→ **ASSIGNED TASK**
Nothing but an exact reproduction of the records, pictures excluded, should be returned.

→ **DATA SUPPLIED**

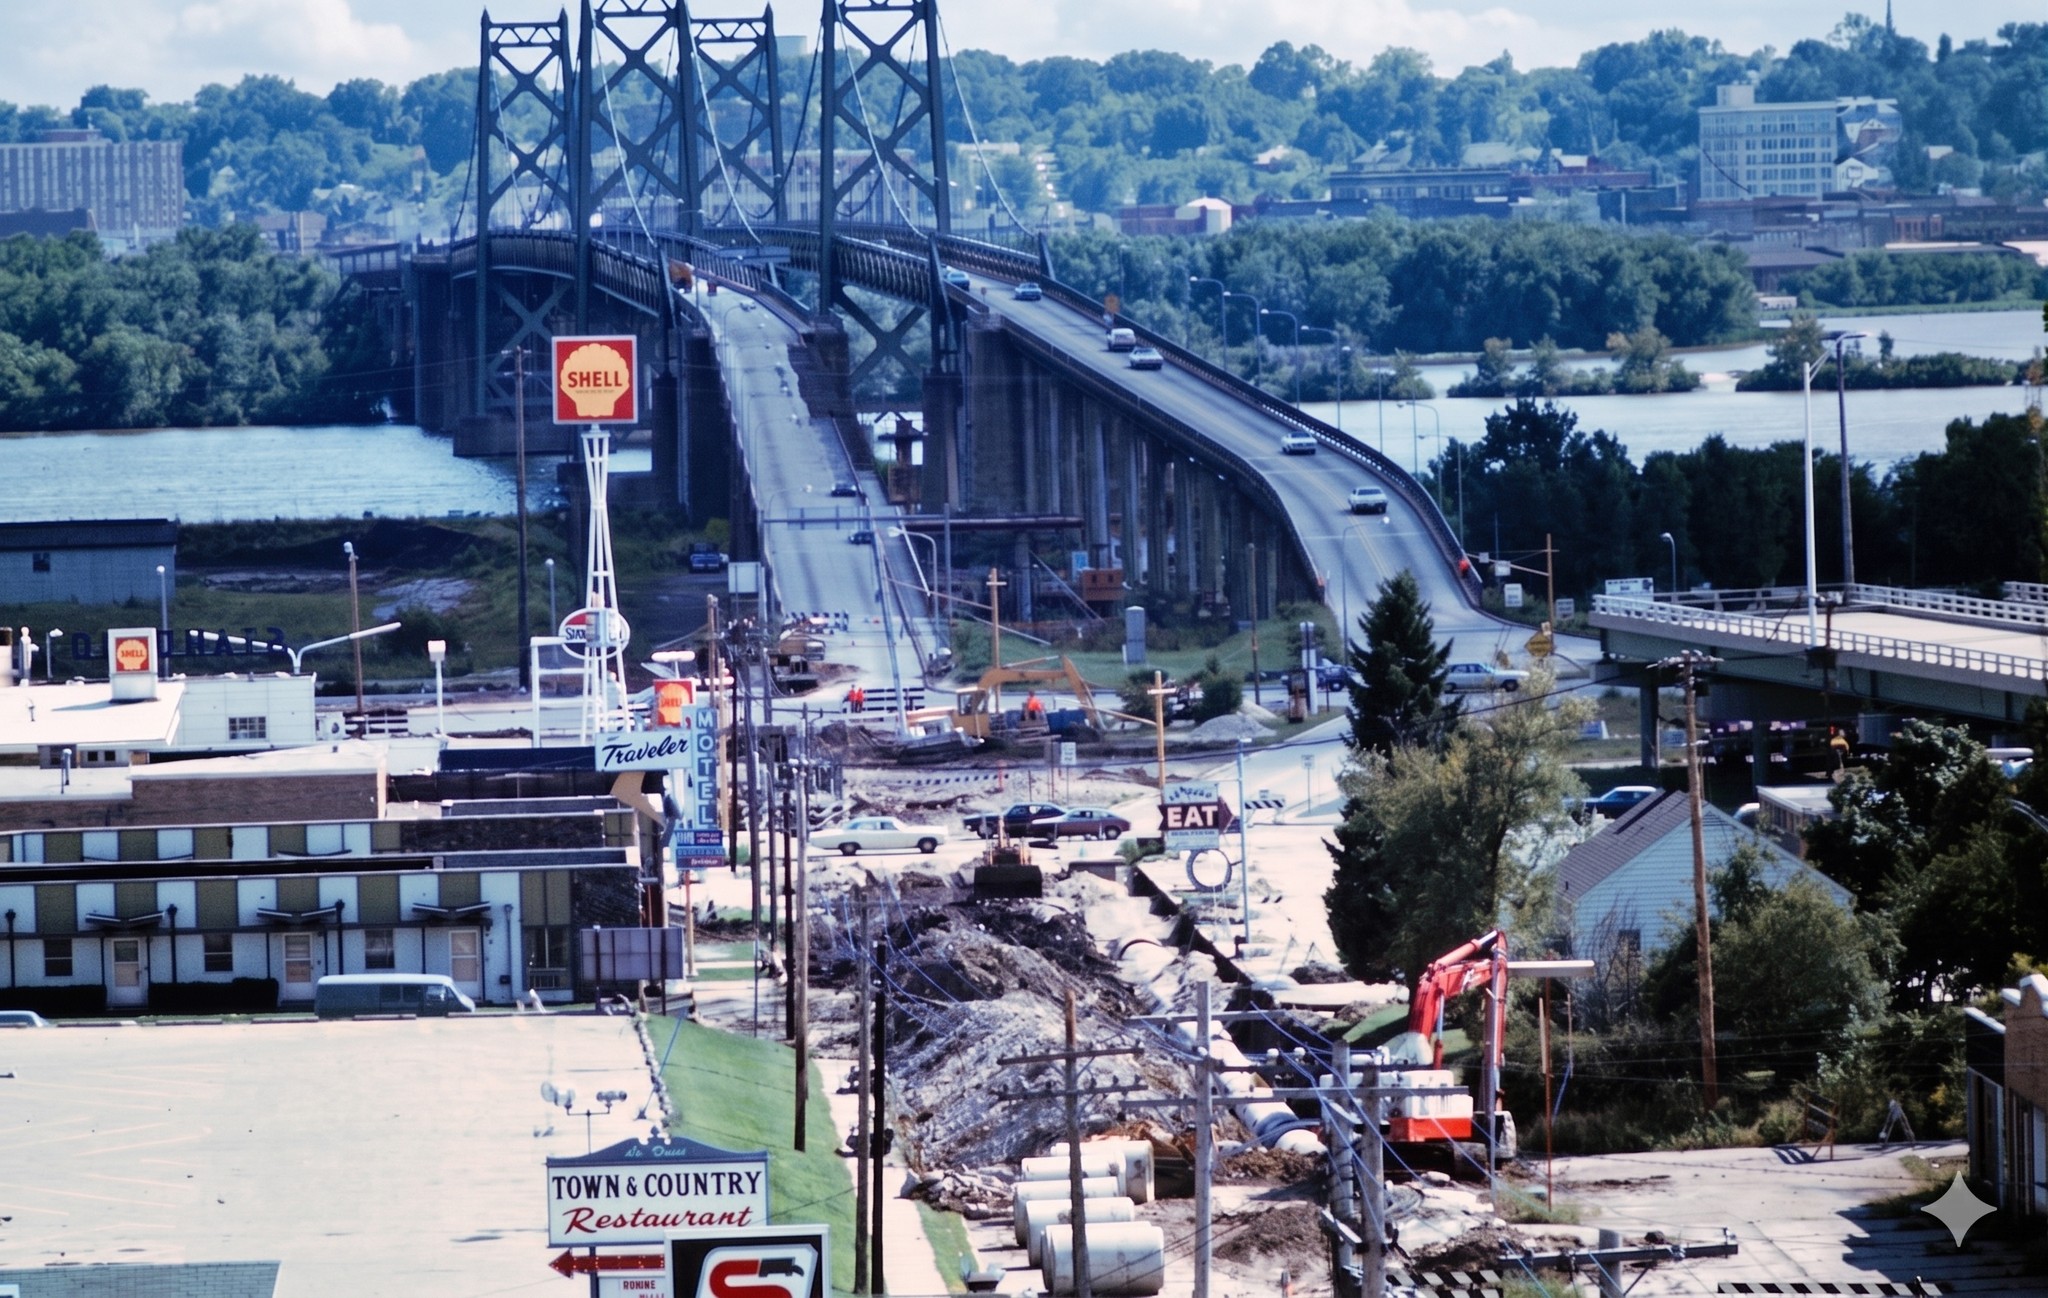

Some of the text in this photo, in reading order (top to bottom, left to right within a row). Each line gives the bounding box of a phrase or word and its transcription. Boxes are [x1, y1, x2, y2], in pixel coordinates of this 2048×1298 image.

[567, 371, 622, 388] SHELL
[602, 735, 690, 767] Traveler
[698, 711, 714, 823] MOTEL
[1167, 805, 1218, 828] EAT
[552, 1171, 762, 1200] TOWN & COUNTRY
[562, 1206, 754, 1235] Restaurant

→ **SOLVED EXERCISE**
Some of the text in this photo, in reading order (top to bottom, left to right within a row). Each line gives the bounding box of a phrase or word and its transcription. Boxes are [x1, y1, x2, y2], in pixel coordinates of this 2048×1298 image.

[567, 371, 622, 388] SHELL
[602, 735, 690, 767] Traveler
[698, 711, 714, 823] MOTEL
[1167, 805, 1218, 828] EAT
[552, 1171, 762, 1200] TOWN & COUNTRY
[562, 1206, 754, 1235] Restaurant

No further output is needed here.